First, the main motivation here is to increase visibility of failures. This came up since nightlies have been broken for very long periods recently, and most developers were not even aware of the situation. The only way to tell now that something is broken is to dig into Jenkins and know which tasks to look at etc., something that only a small group of people know and do on a regular basis. Another suggestion that was brought up was to send such notifications to a small group of people who want them, which I think doesn’t solve this problem either - this group would be the same people who regularly log into jenkins to check the failures. Having the failures posted to discourse, which I believe all devs read on a daily basis, will greatly increase the visibility of the state of the builds.
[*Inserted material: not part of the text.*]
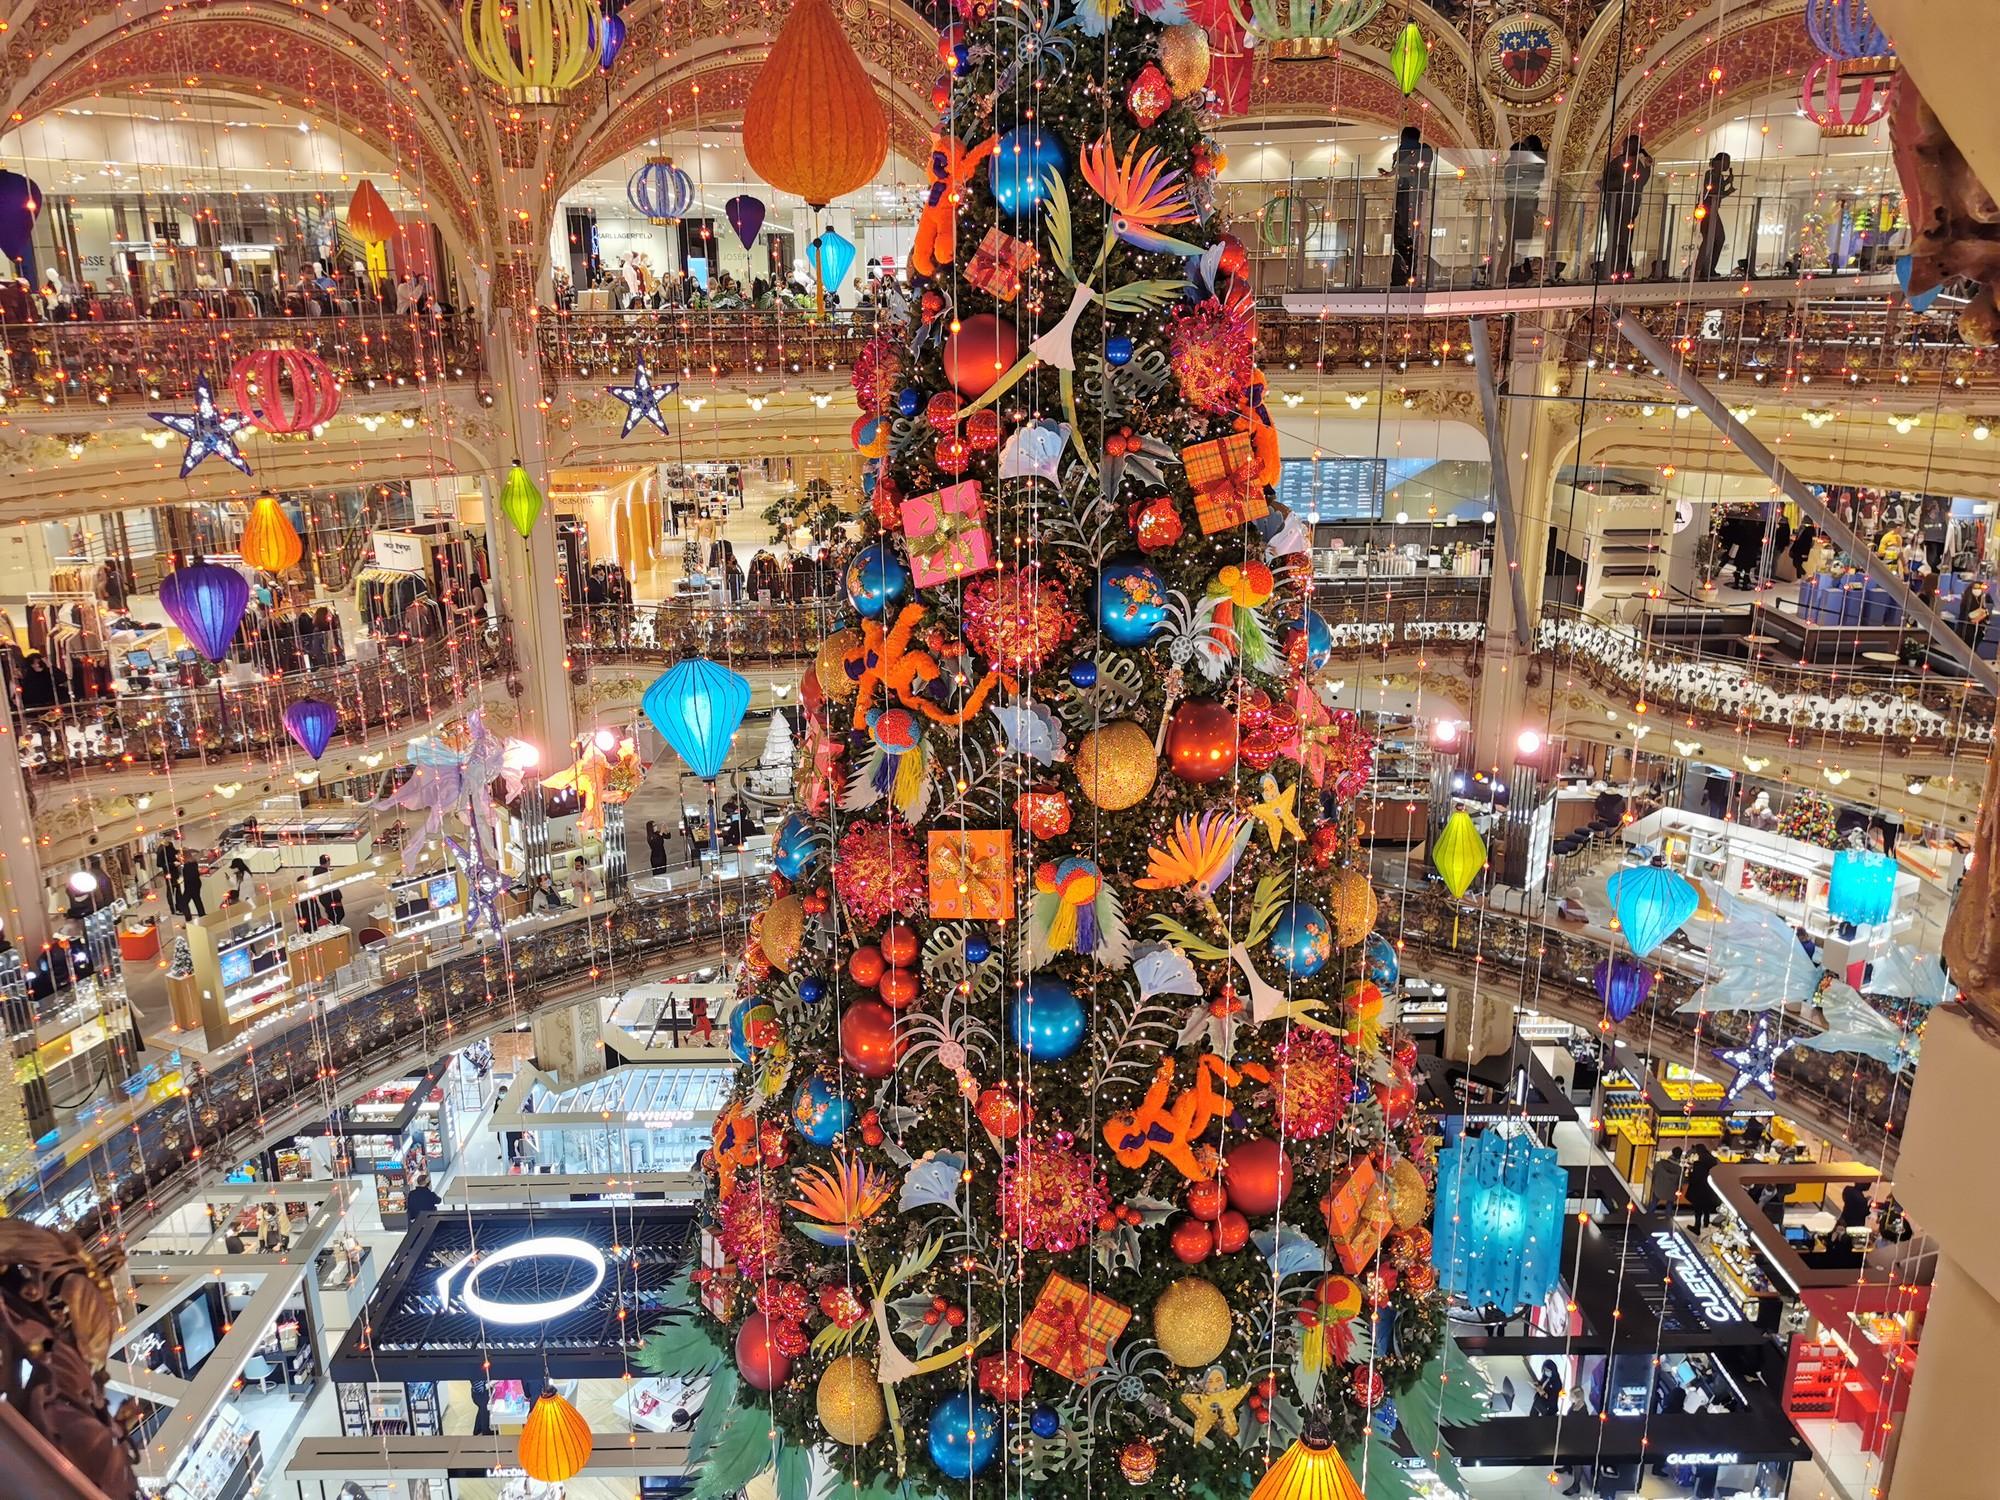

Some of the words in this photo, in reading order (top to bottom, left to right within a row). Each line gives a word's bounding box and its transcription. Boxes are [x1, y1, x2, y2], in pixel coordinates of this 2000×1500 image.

The second point is that this will make collaboration much easier. Right now, if I see a failure on Jenkins, I don’t know if it’s just a random failure, if someone is already working on it, etc. Having each failure as a post in discourse will allow an easy way of collaborating and reducing duplicate efforts.

One last point that hasn’t been mentioned is that having past failures recorded will allow us to possibly notice patterns or repeated issues, something which now can only be done if the same person happens to handle the same issue multiple times. The resolutions will also be recorded, so if needed in the future other people will be able to reuse them when possible, instead of having to figure out the solution on their own again.

Regarding the buy-in - I, for one, read discourse using the “Latest” view, which shows me posts in all categories. I recommend other developers do so as well, as that way you can see all posts all the time and not miss things in different categories.

Regarding the name - maybe we should be positive and call it “Build Status” or something similar?

dLobatog · June 12, 2018, 2:14pm

I’m neutral about it, to be honest I think it’s easier to post whenever you notice something’s broken like on:

How does that change with a job automatically posting failures to Discourse?

That’s a good point, but IMO for the sake of having a better noise/signal ratio, a developer can just post here when something is truly broken. If everything gets posted, because of the nature of our jobs (not stable enough, nor we care about it enough) it will be kind of similar to looking at http://ci.theforeman.org/

That’s a good point - but again I think it is similar if whoever finds something truly broken posts about it.

tbrisker · June 12, 2018, 4:49pm

Hopefully, since most devs are on discourse regularly, and assuming they won’t just ignore this category, this will increase the visibility of failures.

dLobatog:

tbrisker:

Right now, if I see a failure on Jenkins, I don’t know if it’s just a random failure, if someone is already working on it, etc. Having each failure as a post in discourse will allow an easy way of collaborating and reducing duplicate efforts.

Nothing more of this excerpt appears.